> _What you are asked to do_: What is needed is a verbatim copy of the data, minus the pictures.

> _Spatial localization data_:
——————————
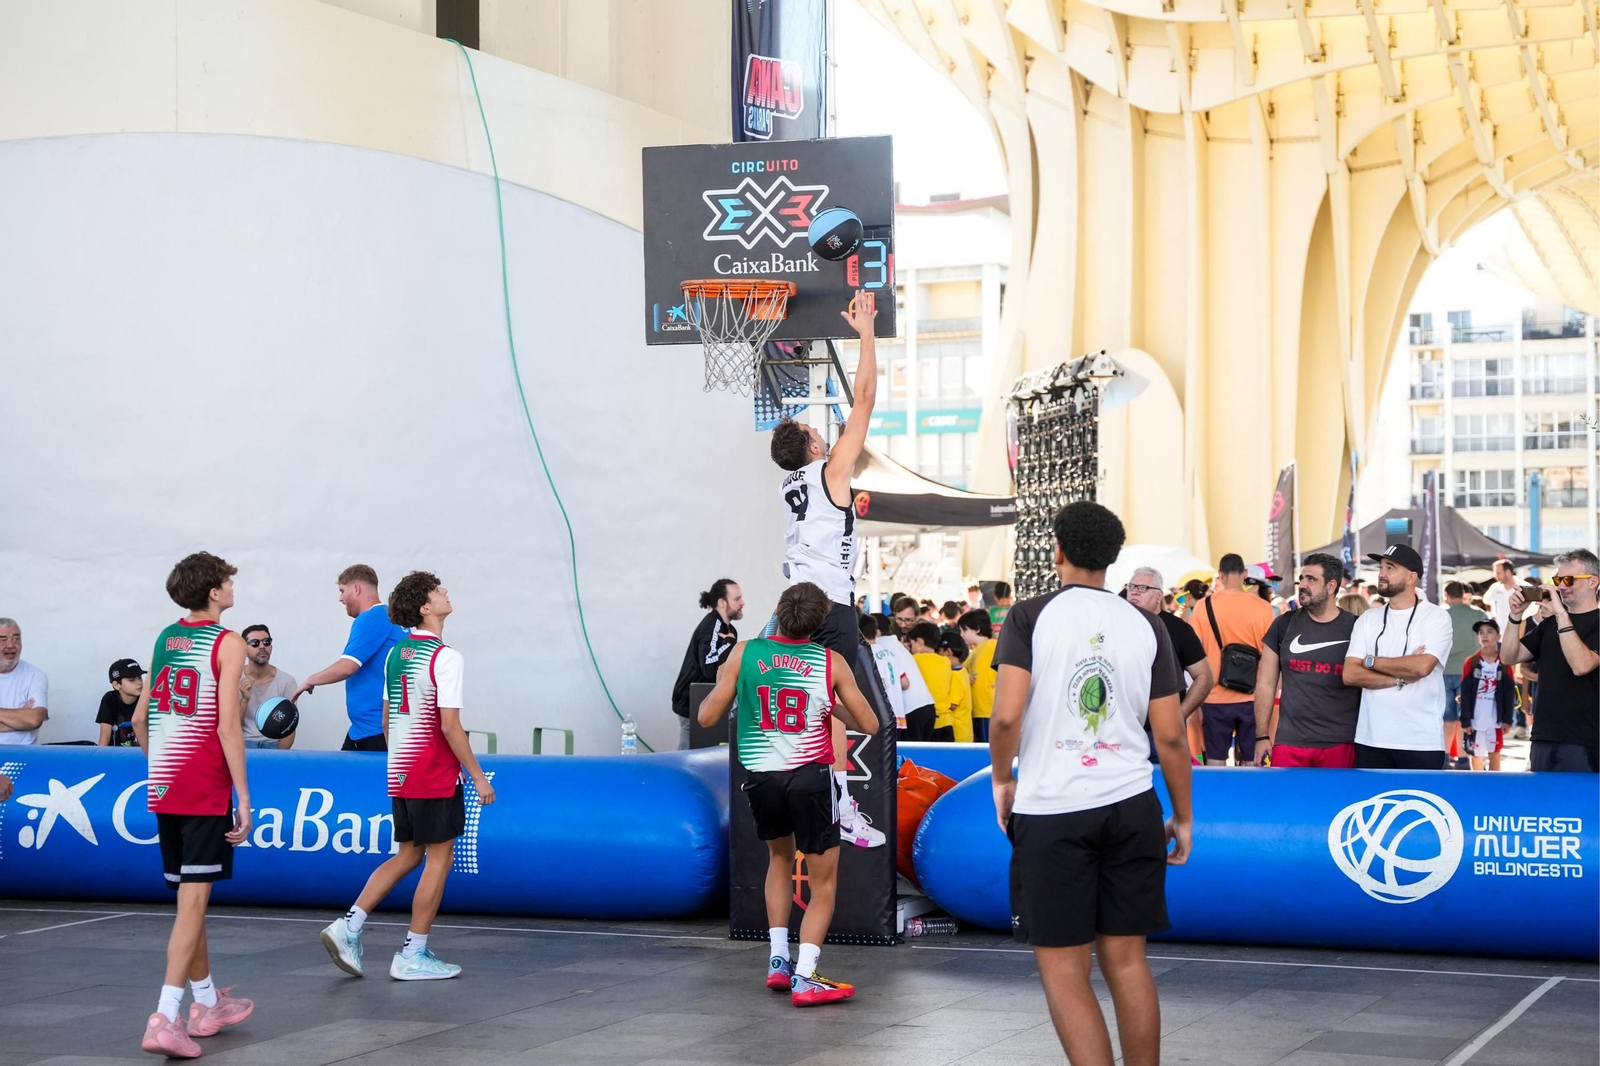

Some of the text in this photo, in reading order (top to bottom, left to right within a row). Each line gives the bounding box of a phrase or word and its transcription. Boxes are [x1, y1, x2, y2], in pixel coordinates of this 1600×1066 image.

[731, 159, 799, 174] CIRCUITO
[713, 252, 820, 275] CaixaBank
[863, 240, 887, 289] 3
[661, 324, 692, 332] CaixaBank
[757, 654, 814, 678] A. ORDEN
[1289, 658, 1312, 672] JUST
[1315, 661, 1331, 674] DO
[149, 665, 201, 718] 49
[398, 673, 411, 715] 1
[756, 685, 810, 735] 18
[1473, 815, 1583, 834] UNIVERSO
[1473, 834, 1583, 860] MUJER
——————————
> _Written response_:
Some of the text in this photo, in reading order (top to bottom, left to right within a row). Each line gives the bounding box of a phrase or word and its transcription. Boxes are [x1, y1, x2, y2], in pixel coordinates of this 1600×1066 image.

[731, 159, 799, 174] CIRCUITO
[713, 252, 820, 275] CaixaBank
[863, 240, 887, 289] 3
[661, 324, 692, 332] CaixaBank
[757, 654, 814, 678] A. ORDEN
[1289, 658, 1312, 672] JUST
[1315, 661, 1331, 674] DO
[149, 665, 201, 718] 49
[398, 673, 411, 715] 1
[756, 685, 810, 735] 18
[1473, 815, 1583, 834] UNIVERSO
[1473, 834, 1583, 860] MUJER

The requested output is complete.